Some legal experts also suggest that the copyright infringement suits ought to be directed not at the creators of these AI systems but at the party responsible for compiling the images used to train them. Others call for AI-generated material to include a digital watermark so that it can be easily tracked.

The dark side

Meanwhile, a section of artists and businesses have sought to remedy the issue of unauthorised use of copyrighted content by embedding digital noise or imperceptible patterns to ‘poison’ artworks. These alterations, invisible to the human eye, are designed to be detected by AI algorithms. Training on such embedded anomalies diminishes the accuracy and, ultimately, functionality of an AI model. The term for intentional modification of data to disrupt the learning process of AI models is ‘data poisoning’.

Ben Zhao, a professor at the University of Chicago who has led the team behind a data poisoning tool named Nightshade, says it is meant as a powerful deterrent against disrespect of copyright and intellectual property. When the tool was tested by researchers using Stable Diffusion, it was found that after training on 50 poisoned images, the model began generating dogs with distorted features – the entire concept of ‘dogs’ had been poisoned within the model. After 100 samples, the model began producing cats instead of dogs, and 300 samples later, the cat images were near perfect.

Since Gen AI models cluster similar concepts, Nightshade was also able to trick the model into generating a cat when prompted with words related to a dog, such as “husky” and “wolf”. The same team has also developed a tool called Glaze, which, through a subtle change in the pixels of images, enables artists to mask their personal style and prevent it from being scraped and manipulated by machine-learning models.

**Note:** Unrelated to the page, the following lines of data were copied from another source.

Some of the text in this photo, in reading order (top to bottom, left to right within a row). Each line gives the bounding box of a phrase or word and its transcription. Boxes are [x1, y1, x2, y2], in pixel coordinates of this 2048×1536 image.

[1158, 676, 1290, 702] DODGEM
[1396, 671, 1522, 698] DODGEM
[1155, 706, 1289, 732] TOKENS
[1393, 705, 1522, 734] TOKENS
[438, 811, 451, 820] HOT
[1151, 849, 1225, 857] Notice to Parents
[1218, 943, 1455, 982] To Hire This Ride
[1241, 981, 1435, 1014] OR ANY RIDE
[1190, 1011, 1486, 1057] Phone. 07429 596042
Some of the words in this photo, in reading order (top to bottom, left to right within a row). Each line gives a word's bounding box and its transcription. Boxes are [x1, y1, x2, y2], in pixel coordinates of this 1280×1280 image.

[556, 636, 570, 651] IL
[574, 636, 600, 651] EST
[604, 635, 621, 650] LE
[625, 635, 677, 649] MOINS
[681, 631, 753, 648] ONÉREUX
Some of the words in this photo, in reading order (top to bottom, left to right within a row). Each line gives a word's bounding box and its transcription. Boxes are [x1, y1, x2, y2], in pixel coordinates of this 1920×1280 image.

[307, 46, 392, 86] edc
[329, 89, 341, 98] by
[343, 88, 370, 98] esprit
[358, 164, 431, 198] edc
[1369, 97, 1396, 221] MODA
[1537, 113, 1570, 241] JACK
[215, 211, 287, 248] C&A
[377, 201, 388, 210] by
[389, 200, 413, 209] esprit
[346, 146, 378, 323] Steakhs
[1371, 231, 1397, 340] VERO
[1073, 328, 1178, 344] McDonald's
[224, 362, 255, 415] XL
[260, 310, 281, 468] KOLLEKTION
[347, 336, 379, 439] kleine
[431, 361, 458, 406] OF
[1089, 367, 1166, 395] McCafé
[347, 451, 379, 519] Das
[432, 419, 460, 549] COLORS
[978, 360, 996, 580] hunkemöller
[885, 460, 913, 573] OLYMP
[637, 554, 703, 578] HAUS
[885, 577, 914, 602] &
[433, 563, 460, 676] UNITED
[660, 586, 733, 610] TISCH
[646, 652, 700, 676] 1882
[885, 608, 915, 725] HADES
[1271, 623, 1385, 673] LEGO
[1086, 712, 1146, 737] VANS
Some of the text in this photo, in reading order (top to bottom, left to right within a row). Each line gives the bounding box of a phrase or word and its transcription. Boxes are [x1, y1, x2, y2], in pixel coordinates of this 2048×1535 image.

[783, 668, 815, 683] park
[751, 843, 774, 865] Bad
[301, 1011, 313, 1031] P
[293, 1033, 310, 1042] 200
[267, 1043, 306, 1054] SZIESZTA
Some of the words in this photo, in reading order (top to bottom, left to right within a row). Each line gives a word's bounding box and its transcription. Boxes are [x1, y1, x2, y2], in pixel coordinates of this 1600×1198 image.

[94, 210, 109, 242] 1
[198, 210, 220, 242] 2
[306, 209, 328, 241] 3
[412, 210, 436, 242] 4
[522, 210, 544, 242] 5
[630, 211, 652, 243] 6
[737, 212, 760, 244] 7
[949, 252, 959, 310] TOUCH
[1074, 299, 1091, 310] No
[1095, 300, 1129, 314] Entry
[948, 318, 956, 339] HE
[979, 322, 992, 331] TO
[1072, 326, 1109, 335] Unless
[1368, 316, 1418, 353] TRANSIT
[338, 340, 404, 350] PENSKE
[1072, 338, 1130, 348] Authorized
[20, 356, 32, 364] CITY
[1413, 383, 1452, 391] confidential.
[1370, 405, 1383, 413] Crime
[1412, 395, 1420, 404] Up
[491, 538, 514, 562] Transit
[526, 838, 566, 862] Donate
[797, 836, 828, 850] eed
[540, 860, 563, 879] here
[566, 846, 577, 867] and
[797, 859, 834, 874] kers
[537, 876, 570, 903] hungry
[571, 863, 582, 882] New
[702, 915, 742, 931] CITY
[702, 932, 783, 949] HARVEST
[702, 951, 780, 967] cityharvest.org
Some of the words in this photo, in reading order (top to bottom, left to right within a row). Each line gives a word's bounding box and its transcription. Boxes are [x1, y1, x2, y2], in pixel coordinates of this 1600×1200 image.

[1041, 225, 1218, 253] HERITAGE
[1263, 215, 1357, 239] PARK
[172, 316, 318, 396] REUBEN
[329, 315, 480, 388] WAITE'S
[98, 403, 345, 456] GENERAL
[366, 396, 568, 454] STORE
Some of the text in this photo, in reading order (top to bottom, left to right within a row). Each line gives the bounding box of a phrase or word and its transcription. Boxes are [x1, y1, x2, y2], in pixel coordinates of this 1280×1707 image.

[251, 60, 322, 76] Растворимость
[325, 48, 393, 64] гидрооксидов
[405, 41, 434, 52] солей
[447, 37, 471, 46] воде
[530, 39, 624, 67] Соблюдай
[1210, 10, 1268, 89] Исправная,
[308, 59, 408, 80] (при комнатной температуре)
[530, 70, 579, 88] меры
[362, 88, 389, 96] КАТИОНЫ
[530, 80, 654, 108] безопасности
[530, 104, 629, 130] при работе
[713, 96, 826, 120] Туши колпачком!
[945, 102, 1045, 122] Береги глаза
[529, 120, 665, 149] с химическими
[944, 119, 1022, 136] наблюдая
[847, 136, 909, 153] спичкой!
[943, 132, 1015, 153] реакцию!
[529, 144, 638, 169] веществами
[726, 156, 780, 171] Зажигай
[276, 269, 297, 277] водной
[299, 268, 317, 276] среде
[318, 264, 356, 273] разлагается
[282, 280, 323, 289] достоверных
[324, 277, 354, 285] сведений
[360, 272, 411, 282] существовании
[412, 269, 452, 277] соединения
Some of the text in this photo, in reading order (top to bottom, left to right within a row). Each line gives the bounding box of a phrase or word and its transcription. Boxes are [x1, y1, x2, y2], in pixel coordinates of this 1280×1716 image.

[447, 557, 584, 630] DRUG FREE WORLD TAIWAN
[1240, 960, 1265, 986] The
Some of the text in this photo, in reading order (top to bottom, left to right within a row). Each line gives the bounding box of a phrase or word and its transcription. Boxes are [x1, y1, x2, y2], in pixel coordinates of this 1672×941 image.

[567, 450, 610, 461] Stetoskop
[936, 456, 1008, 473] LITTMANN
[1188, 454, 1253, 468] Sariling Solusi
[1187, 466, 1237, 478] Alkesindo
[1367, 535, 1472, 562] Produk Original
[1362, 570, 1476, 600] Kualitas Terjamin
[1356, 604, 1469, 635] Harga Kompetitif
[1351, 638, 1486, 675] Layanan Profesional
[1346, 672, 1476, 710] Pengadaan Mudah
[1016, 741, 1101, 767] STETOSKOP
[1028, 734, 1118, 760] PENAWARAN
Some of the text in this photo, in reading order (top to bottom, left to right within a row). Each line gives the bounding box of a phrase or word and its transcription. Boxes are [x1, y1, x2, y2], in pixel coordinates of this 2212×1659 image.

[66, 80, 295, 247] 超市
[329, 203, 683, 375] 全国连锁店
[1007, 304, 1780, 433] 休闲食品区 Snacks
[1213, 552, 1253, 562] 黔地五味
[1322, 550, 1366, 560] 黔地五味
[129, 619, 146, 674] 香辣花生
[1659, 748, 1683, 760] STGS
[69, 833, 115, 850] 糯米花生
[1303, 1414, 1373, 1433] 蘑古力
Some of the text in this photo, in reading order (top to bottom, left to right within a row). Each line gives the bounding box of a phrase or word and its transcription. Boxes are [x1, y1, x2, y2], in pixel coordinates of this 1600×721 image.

The intent behind developing such tools is not to break AI systems; rather, the team hopes its technology can persuade AI training companies to license image data sets, respect crawler restrictions, and conform to opt-out requests.

In the future

If businesses are unable to lawfully train models on freely available materials, it may set back AI technology. A balanced approach would lie in developing legislation to guide development. Also, given the global reach of the internet, ideally, national legislation ought to be modelled on global benchmarks.

The EU’s Artificial Intelligence Act offers a valuable template. Approved by the European Parliament on March 13 2024, and expected to come into force in May or June this year, it emphasises transparency and traceability. From a Gen AI perspective, AI systems must be trained, designed, and developed in such a way that there are state-of-the-art safeguards against the generation of content that violates EU laws. This will include informing users of a tool’s exact functionality. Detailed documentation and the provision of a publicly available summary regarding the use of copyrighted training data, and compliance with stronger transparency obligations, is also necessary. These obligations directly address the infringement of intellectual property rights, particularly copyright.

The Indian government has also announced recently that it is looking to frame a new piece of legislation on AI. Keeping in mind the broader aim of promoting innovation, the law would balance the rights of various parties, including content creators and AI technology enablers such as large language models, the text-generating part of Gen AI.

With regard to transformative technologies, the law must scramble to catch up. New AI legislation is one approach. However, answers may also arise from fresh interpretations of existing statutes – a development likely to emerge once courts in different countries start assessing the various lawsuits filed against AI companies.

Meanwhile, businesses can mitigate risk by vetting data sets for permissive licences and seeking indemnities against intellectual property infringement from AI providers wherever possible. They could also consider documenting how an AI model was trained, educate staff to minimise the likelihood of producing infringing outputs, and adopt measures to check for infringements before using outputs.